The policies and procedures laid out by your Company capture the control environment prevalent in the organisation. Over a period of three years, the business processes of your Company is reviewed through an internal audit process which reviews the systems on a continuous basis. The objective being to identify potential risk areas and come up with a comprehensive risk mitigation plan.

The Audit Committee of your Board met four times during the year. Review of audit observations covering the operations, consideration of accounts on a quarterly basis and monitoring the implementation of audit recommendations were some of the key areas which were dealt with by the Committee. The Statutory Auditors/Internal Auditors were invited to attend the Audit Committee Meetings and make presentations covering their observations on adequacy of internal financial controls and the steps required to bridge gaps, if any. Chief Financial Officer is a permanent invitee to the Audit Committee and other executives of the Company are invited to address, respond or provide clarifications to relevant issues as and when required.


Your Company has constituted the Risk Management Committee as mandated by SEBI for top 500 listed entities which was to be effective from 1st April 2019. The Committee comprises of Directors and Senior Management as its Members as prescribed under Regulation 21 of the Listing Regulations as amended. The Company Secretary is the Secretary of the Committee.

Your Company has always endeavored to bring together elements of best practices for risk management in relation to existing and emerging risks faced by it at both strategic and operating level. The Company faces a variety of risks from external and internal sources. However, the objective is to be aware of different kinds of risks affecting the business. Rather than eliminating these risks, the decision-making process at your Company considers sensible risk taking, and thereby proactive steps are taken to ensure that business is undertaken in an environment which encourages a reasonable amount of risk taking and enables the Company to leverage market opportunities effectively.
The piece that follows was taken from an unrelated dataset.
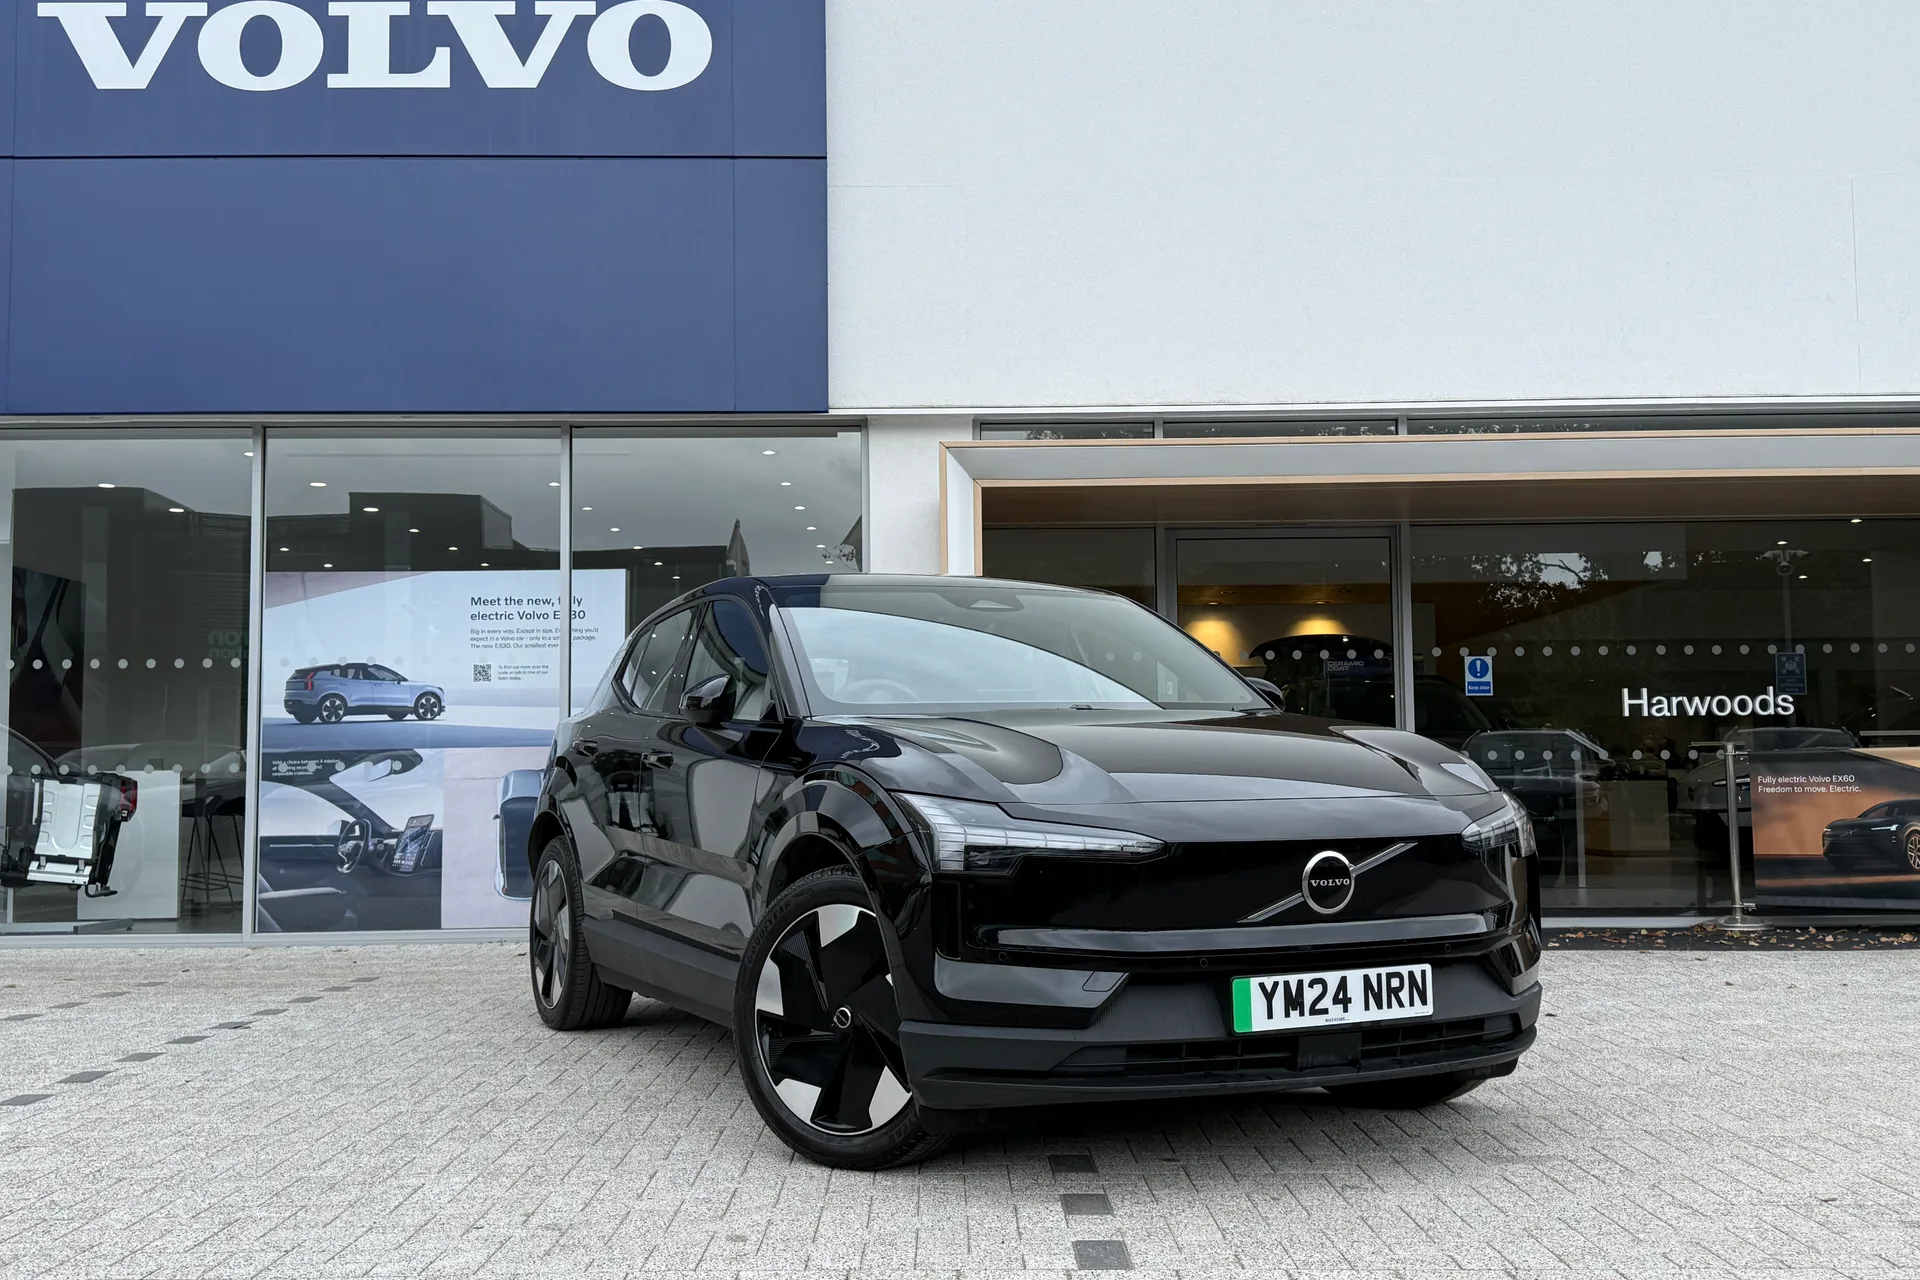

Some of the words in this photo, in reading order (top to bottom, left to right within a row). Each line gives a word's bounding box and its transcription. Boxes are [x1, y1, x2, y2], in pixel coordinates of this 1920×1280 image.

The Board is responsible for determining the nature and extent of the principal risks that your Company is willing to take to achieve its strategic objectives and for maintaining sound risk management system. With the support of the Audit Committee, it carries out a review of the effectiveness of your Company’s risk management process covering all material risks including strategic, financial, operational and also compliance levels.

Your Company has substantial operations all over the country and competes on the basis of brand appeal, loyalty, price value connotations and strong trade relationships. The Company’s position is influenced by the economic, regulatory and political situations both nationally and at a state level and of the competitors. The principal risks impacting your Company’s business and steps undertaken to mitigate them are as under:

(i) Regulatory restrictions could have an impact on long term revenue growth of the Company.
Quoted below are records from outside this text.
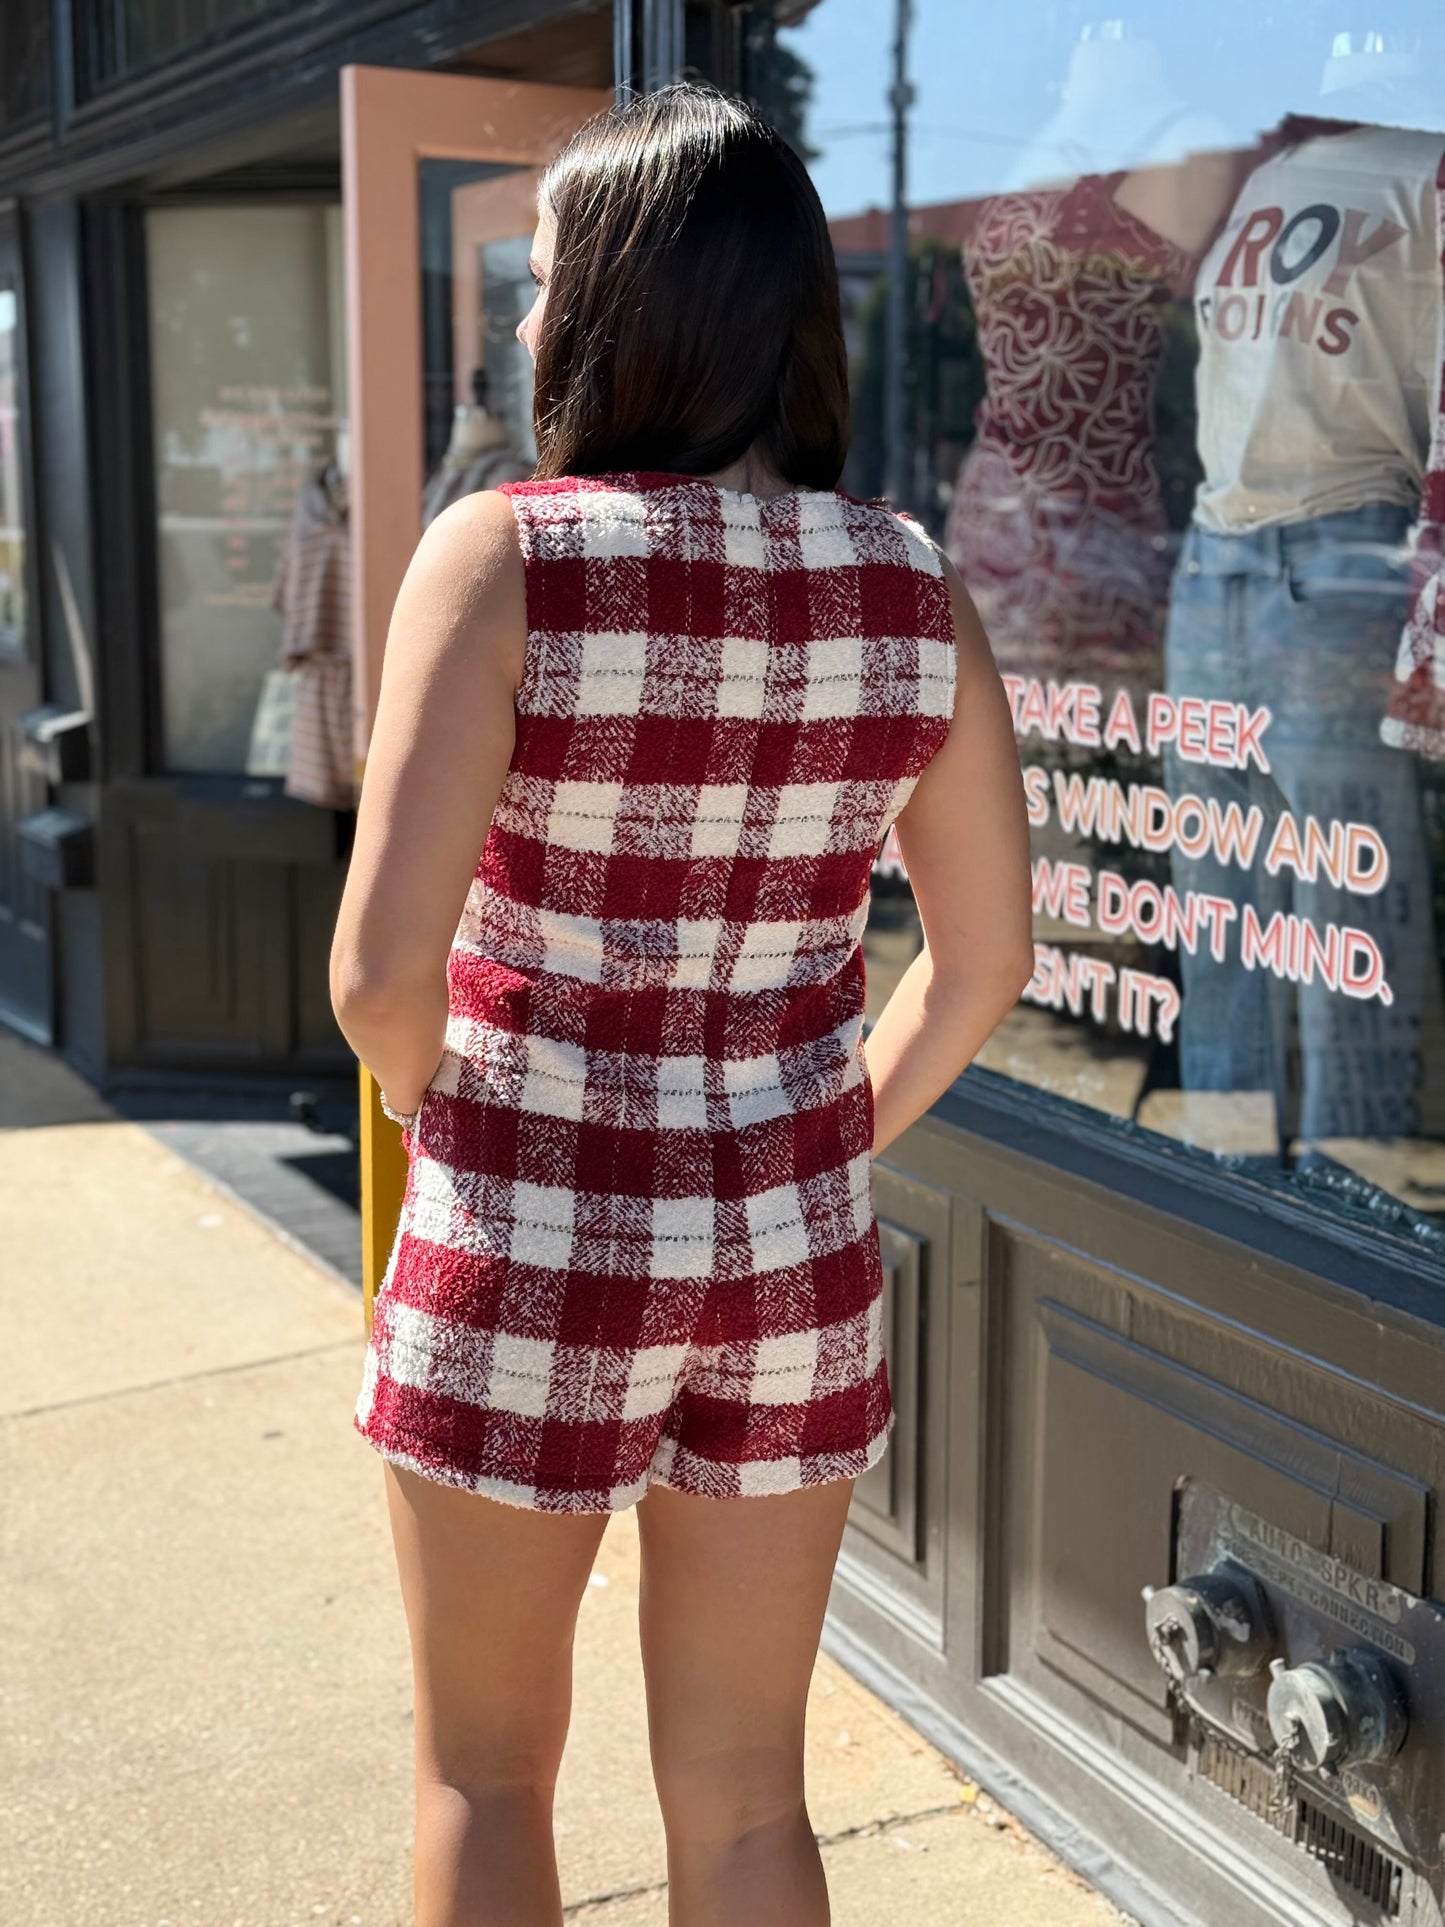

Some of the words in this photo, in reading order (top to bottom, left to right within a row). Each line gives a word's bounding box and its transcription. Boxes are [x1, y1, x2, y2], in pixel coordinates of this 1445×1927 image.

[1001, 674, 1102, 746] TAKE
[1104, 687, 1141, 755] A
[1147, 692, 1272, 776] PEEK
[1053, 769, 1263, 870] WINDOW
[1265, 811, 1388, 894] AND
[1031, 856, 1092, 926] WE
[1097, 869, 1237, 964] DON'T
[1022, 942, 1116, 1021] SN'T
[1119, 967, 1181, 1044] IT?
The Company operates under increasingly stringent regulatory regime (COTPA guidelines on packaging and labeling, advertising and promotion). This further gets complicated with adoption of differing regulatory regimes in different states and/or lack of consensus on interpretation/application.
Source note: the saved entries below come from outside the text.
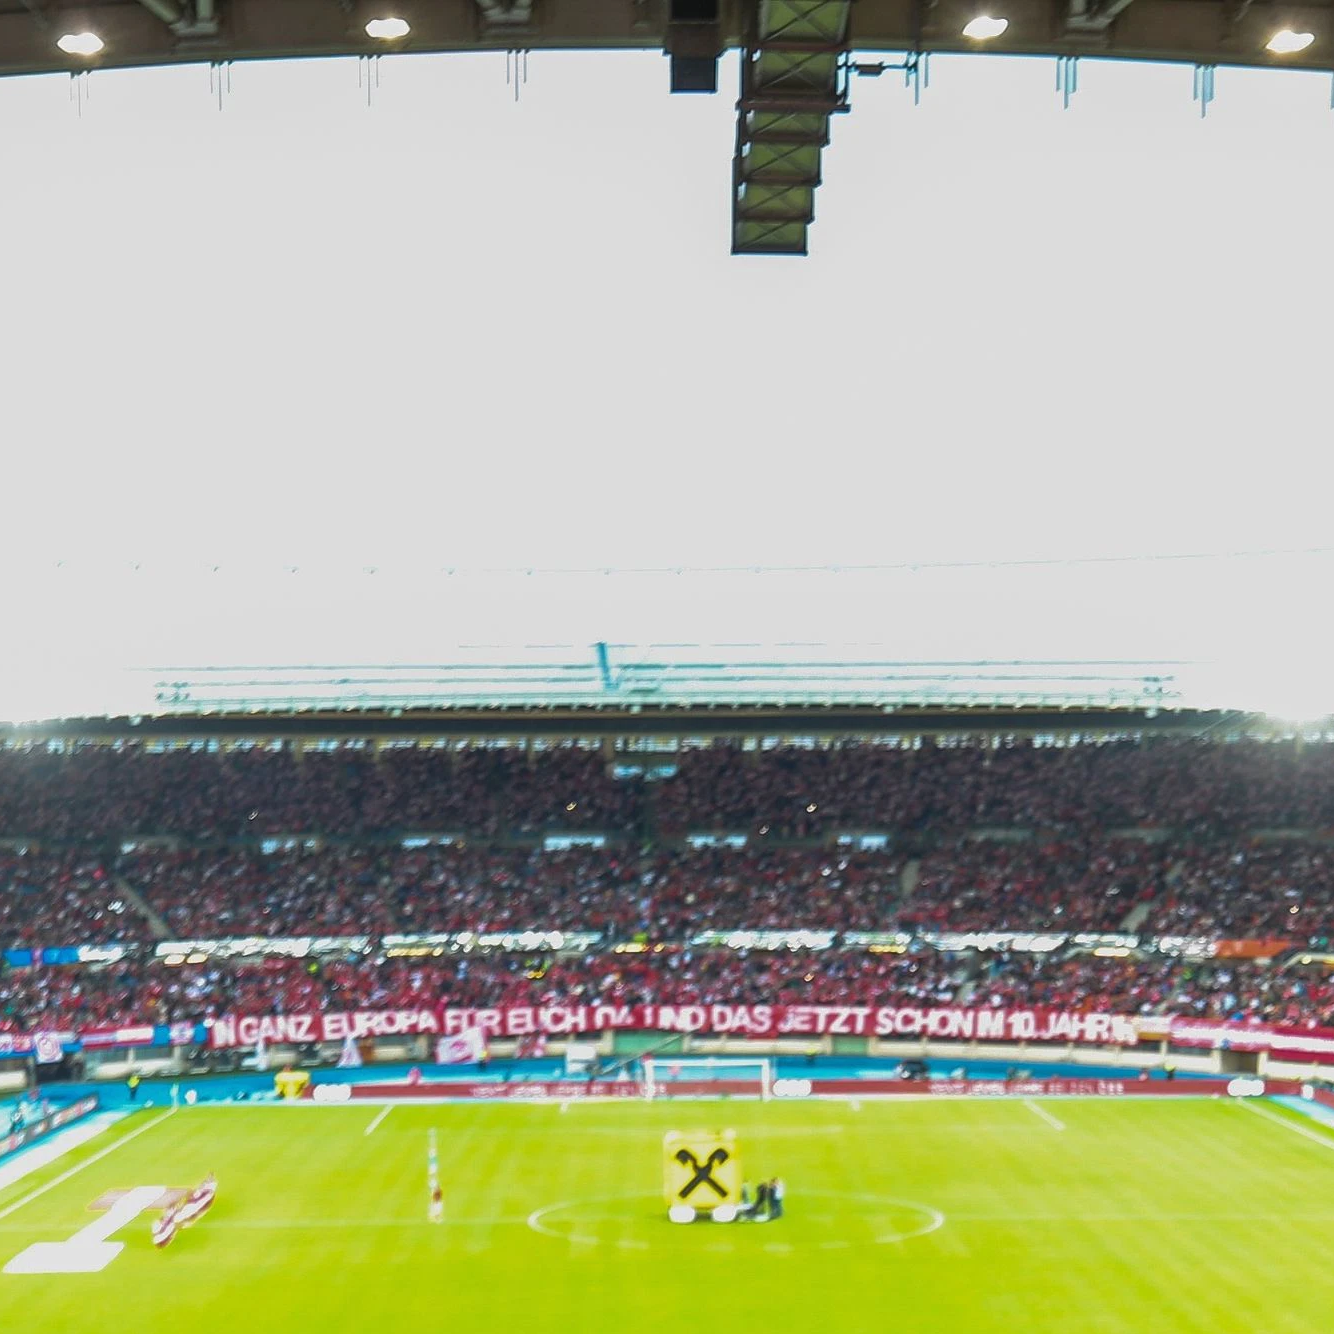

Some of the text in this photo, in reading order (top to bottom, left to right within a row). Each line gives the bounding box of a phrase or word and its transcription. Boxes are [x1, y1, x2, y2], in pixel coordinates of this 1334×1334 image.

[239, 1014, 317, 1043] GANZ
[322, 1009, 438, 1041] EUROPA
[506, 1006, 587, 1035] EUCH
[711, 1004, 772, 1033] DAS
[777, 1005, 871, 1033] JETZT
[875, 1006, 974, 1037] SCHON
Such restrictive regulations which are subjected to interpretation could result in not only penalties being imposed/loss of reputation, but also impair the Company’s ability to communicate with adult smokers and/or to meet consumer expectations through new/ innovative brand launches or geographic expansion.

The Company addresses this risk by engaging in continuous social dialogue with stakeholders and regulatory community through industry bodies. At the same time, it works on developing strategies and capabilities to effectively launch competitive and consumer acceptable brands within the changing regulatory environment.

(ii) Taxation changes could have an impact on short-term revenue growth of the Company.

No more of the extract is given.